Five things you should know about your pension

Last updated on March 13, 2020

While retirement may seem like a distant thought for many, it is vital to have at least some understanding of the intricacies of the UK pension scheme.

In this blog post, we look at five things that you may not know about your pension rights.

What should you know about your pension?

1. Your rights to a pension

This is a big one.

A pension is a prerequisite in most jobs with only certain employees not being entitled to one.

So, if you’re between the age of 22 and the state pension age, and earn a minimum of £10,000 per year, your company must enrol you in a pension scheme with a minimum employer contribution of 3%.

If you fall into this category then you are what is considered to be an eligible jobholder. You should not have to ask to be enrolled and your employer has to pay into your pension scheme should you wish to take part.

This is defined in legislation and all companies must abide by these rules.

If you are under 22 or you earn at least £10,000 per year, you are considered to be a non-eligible jobholder. Despite only meeting one of the necessary criteria, you can request to join your company’s pension scheme.

The operative word in this sentence is request as your company has no legal obligation to enrol you in their pension scheme straight away.

However, this does not mean that you can't ask to be enrolled. In this instance, you should speak to your HR or payroll department. Should you wish to join, you would be entitled to the same benefits as eligible jobholders.

If you’re between the age of 16 and the state pension age and earn less than £6,136 per year, you are considered to be an entitled worker. While you can still join your company’s pension scheme, you may not receive a minimum employer contribution.

Regardless of what type of employee you are, your employer has to write to you within six weeks of your initial assessment to tell you whether or not you will be automatically enrolled.

2. Pension eligibility

So, we’ve looked at the age, wage and salary criteria required to qualify for a pension—but what about the time you need to have been at a company before you can begin contributing?

The system in the UK is pretty clear. From your very first day in employment, you should be assessed and added to the workplace pension if eligible.

Employers are allowed to postpone your enrolment by up to a maximum of three months if they choose.

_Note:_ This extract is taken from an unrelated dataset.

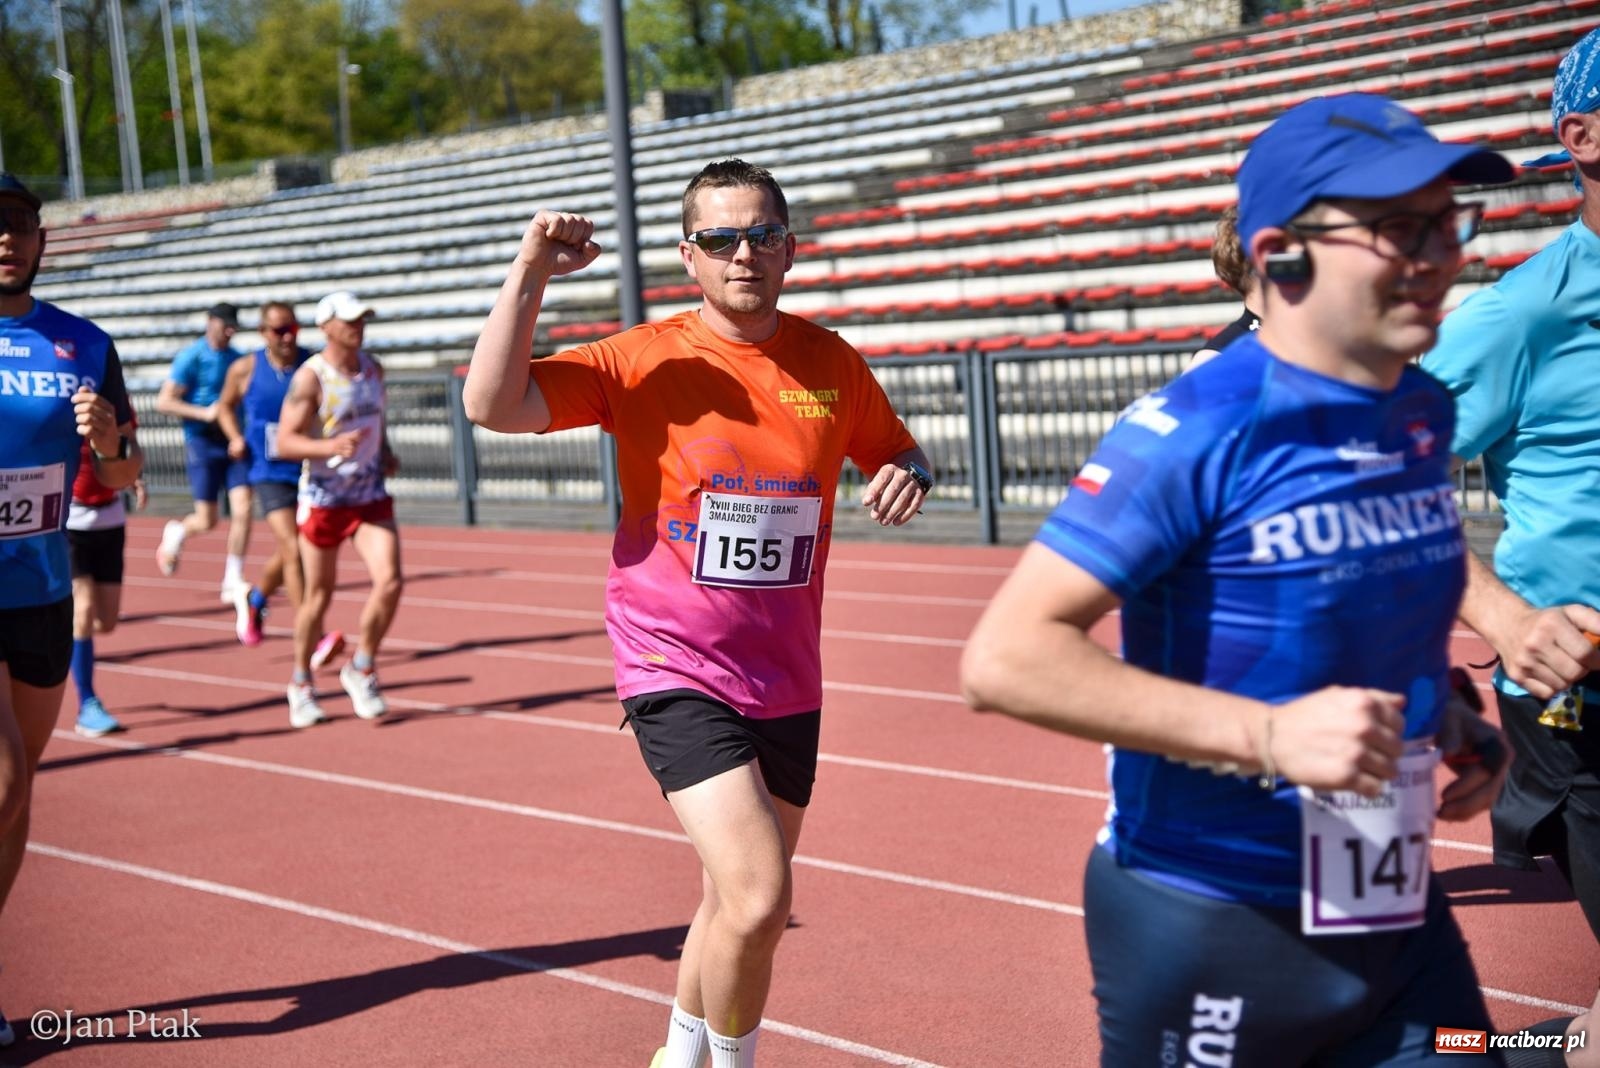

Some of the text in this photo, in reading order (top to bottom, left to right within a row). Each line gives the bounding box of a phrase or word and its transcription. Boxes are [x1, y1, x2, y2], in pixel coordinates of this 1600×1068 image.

Lots of UK companies insist on giving employees a three-month probationary period to allow time to evaluate whether an employee is right for the role and they may wish to postpone enrolment until this has been finalised.

In some cases, companies may decide to prolong a probation period; however, they are still required to enrol you in a pension scheme if you’re either an eligible jobholder or if you’re a non-eligible jobholder and you request to start contributing.

Another reason for the three-month gap is to allow companies the time to put the necessary procedures in place.

Startups or a company that has just arrived in the UK may require a little more time to put things in place. However, if after three months in a job you still haven’t been enrolled in a pension scheme, then your employer will be breaking the law.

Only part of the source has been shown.